──────── INPUT DATA

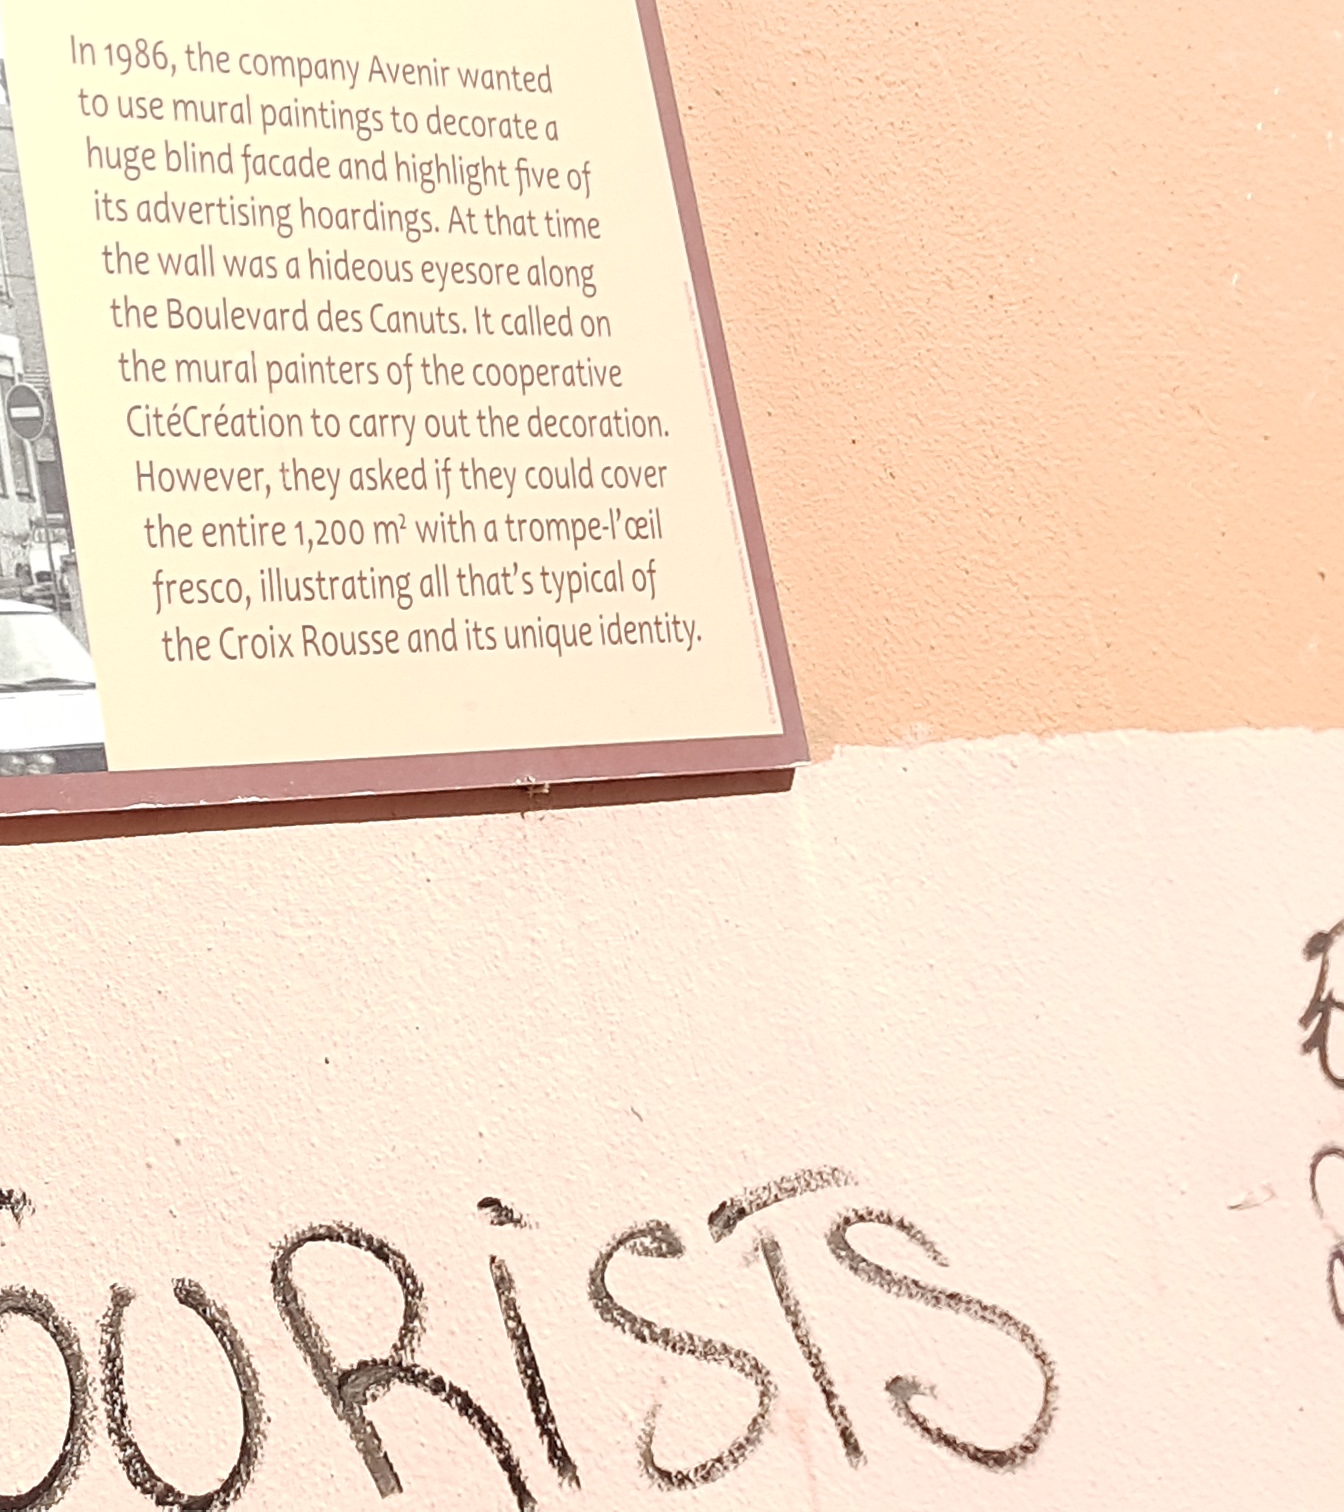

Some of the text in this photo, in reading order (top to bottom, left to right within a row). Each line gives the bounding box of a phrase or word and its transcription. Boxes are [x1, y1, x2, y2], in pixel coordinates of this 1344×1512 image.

[69, 33, 554, 95] In 1986, the company Avenir wanted
[77, 87, 560, 143] to use mural paintings to decorate a
[85, 134, 593, 201] huge blind facade and highlight five of
[93, 188, 602, 245] its advertising hoardings. At that time
[100, 239, 598, 300] the wall was a hideous eyesore along
[108, 293, 613, 339] the Boulevard des Canuts. It called on
[116, 347, 624, 397] the mural painters of the cooperative
[125, 401, 670, 448] CitéCréation to carry out the decoration.
[134, 455, 669, 502] However, they asked if they could cover
[142, 511, 194, 550] the
[200, 512, 288, 549] entire
[293, 518, 366, 555] 1,200
[413, 508, 478, 545] with
[482, 518, 500, 544] a
[150, 567, 253, 616] fresco,
[258, 565, 415, 612] illustrating
[418, 562, 451, 599] all
[538, 558, 626, 605] typical
[630, 557, 658, 602] of
[160, 624, 212, 664] the
[217, 623, 296, 662] Croix
[300, 623, 401, 658] Rousse
[406, 616, 460, 655] and
[463, 617, 499, 652] its
[502, 614, 594, 659] unique
[597, 610, 703, 653] identity.

────────────────

**WHAT IS BEING ASKED:** Write out the whole of the data exactly; the pictures stay out.

**YOUR SOLUTION:**
Some of the text in this photo, in reading order (top to bottom, left to right within a row). Each line gives the bounding box of a phrase or word and its transcription. Boxes are [x1, y1, x2, y2], in pixel coordinates of this 1344×1512 image.

[69, 33, 554, 95] In 1986, the company Avenir wanted
[77, 87, 560, 143] to use mural paintings to decorate a
[85, 134, 593, 201] huge blind facade and highlight five of
[93, 188, 602, 245] its advertising hoardings. At that time
[100, 239, 598, 300] the wall was a hideous eyesore along
[108, 293, 613, 339] the Boulevard des Canuts. It called on
[116, 347, 624, 397] the mural painters of the cooperative
[125, 401, 670, 448] CitéCréation to carry out the decoration.
[134, 455, 669, 502] However, they asked if they could cover
[142, 511, 194, 550] the
[200, 512, 288, 549] entire
[293, 518, 366, 555] 1,200
[413, 508, 478, 545] with
[482, 518, 500, 544] a
[150, 567, 253, 616] fresco,
[258, 565, 415, 612] illustrating
[418, 562, 451, 599] all
[538, 558, 626, 605] typical
[630, 557, 658, 602] of
[160, 624, 212, 664] the
[217, 623, 296, 662] Croix
[300, 623, 401, 658] Rousse
[406, 616, 460, 655] and
[463, 617, 499, 652] its
[502, 614, 594, 659] unique
[597, 610, 703, 653] identity.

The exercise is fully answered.